■ EXERCISE INSTRUCTIONS ■
Write out the entries below exactly as they stand. Skip every image.

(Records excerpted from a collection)
▼

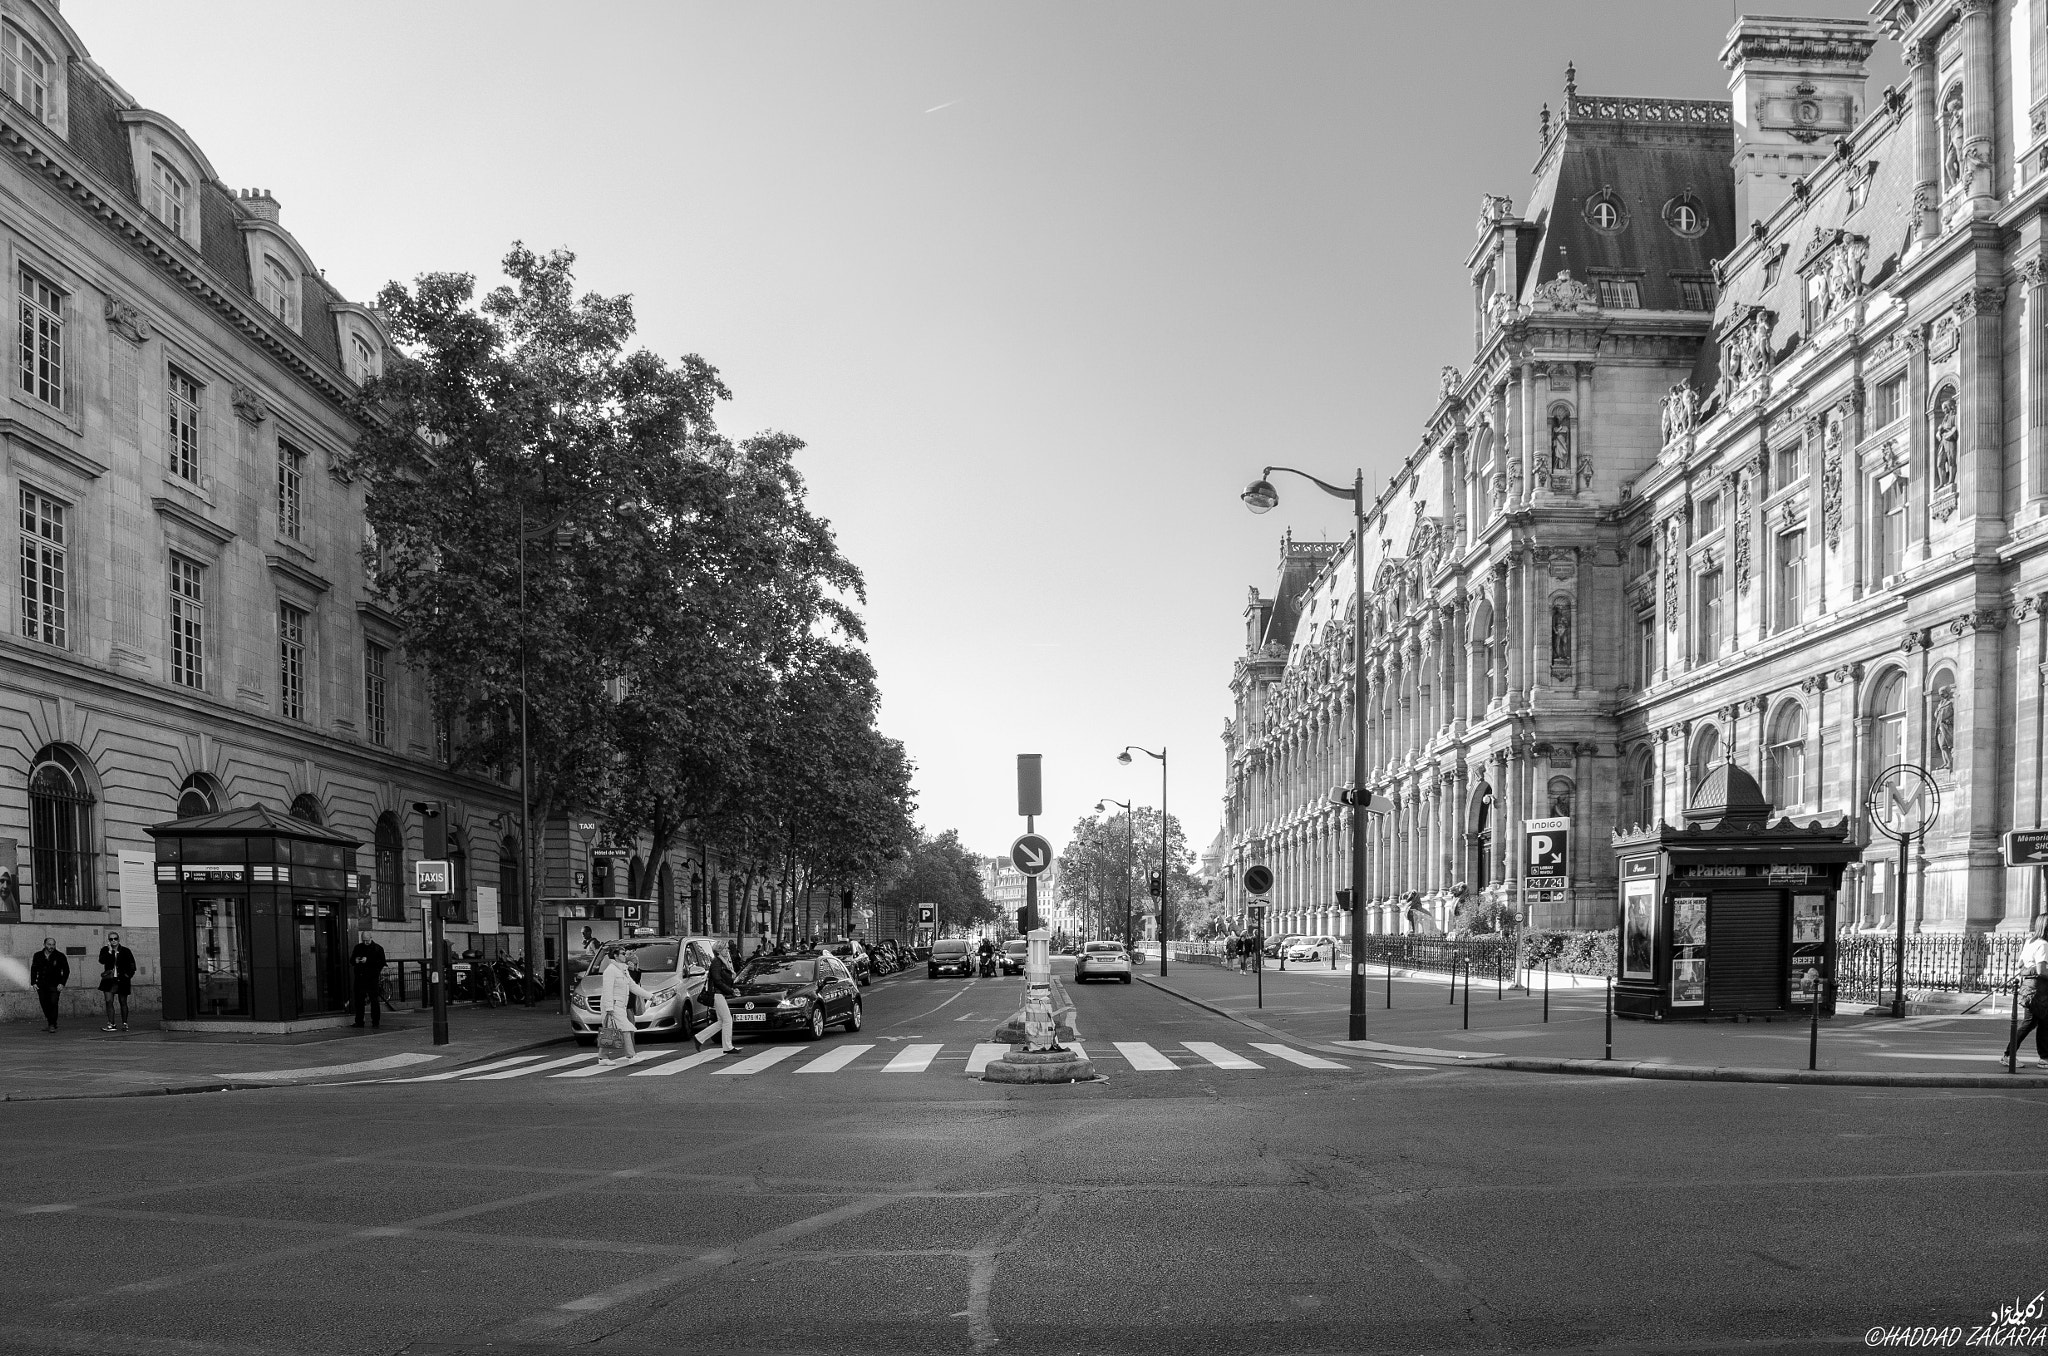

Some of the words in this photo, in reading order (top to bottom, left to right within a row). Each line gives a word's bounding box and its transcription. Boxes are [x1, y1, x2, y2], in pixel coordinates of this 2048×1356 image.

[1884, 781, 1926, 824] M
[1531, 835, 1552, 864] P
[1689, 867, 1696, 877] le
[1697, 864, 1740, 876] Parisien
[184, 872, 190, 880] P
[420, 873, 444, 882] TAXIS
[1530, 878, 1541, 888] 24
[1551, 878, 1562, 888] 24
[628, 907, 636, 917] P
[922, 910, 930, 920] P
[457, 972, 467, 984] P

▲

■ WORKED SOLUTION ■
Some of the words in this photo, in reading order (top to bottom, left to right within a row). Each line gives a word's bounding box and its transcription. Boxes are [x1, y1, x2, y2], in pixel coordinates of this 2048×1356 image.

[1884, 781, 1926, 824] M
[1531, 835, 1552, 864] P
[1689, 867, 1696, 877] le
[1697, 864, 1740, 876] Parisien
[184, 872, 190, 880] P
[420, 873, 444, 882] TAXIS
[1530, 878, 1541, 888] 24
[1551, 878, 1562, 888] 24
[628, 907, 636, 917] P
[922, 910, 930, 920] P
[457, 972, 467, 984] P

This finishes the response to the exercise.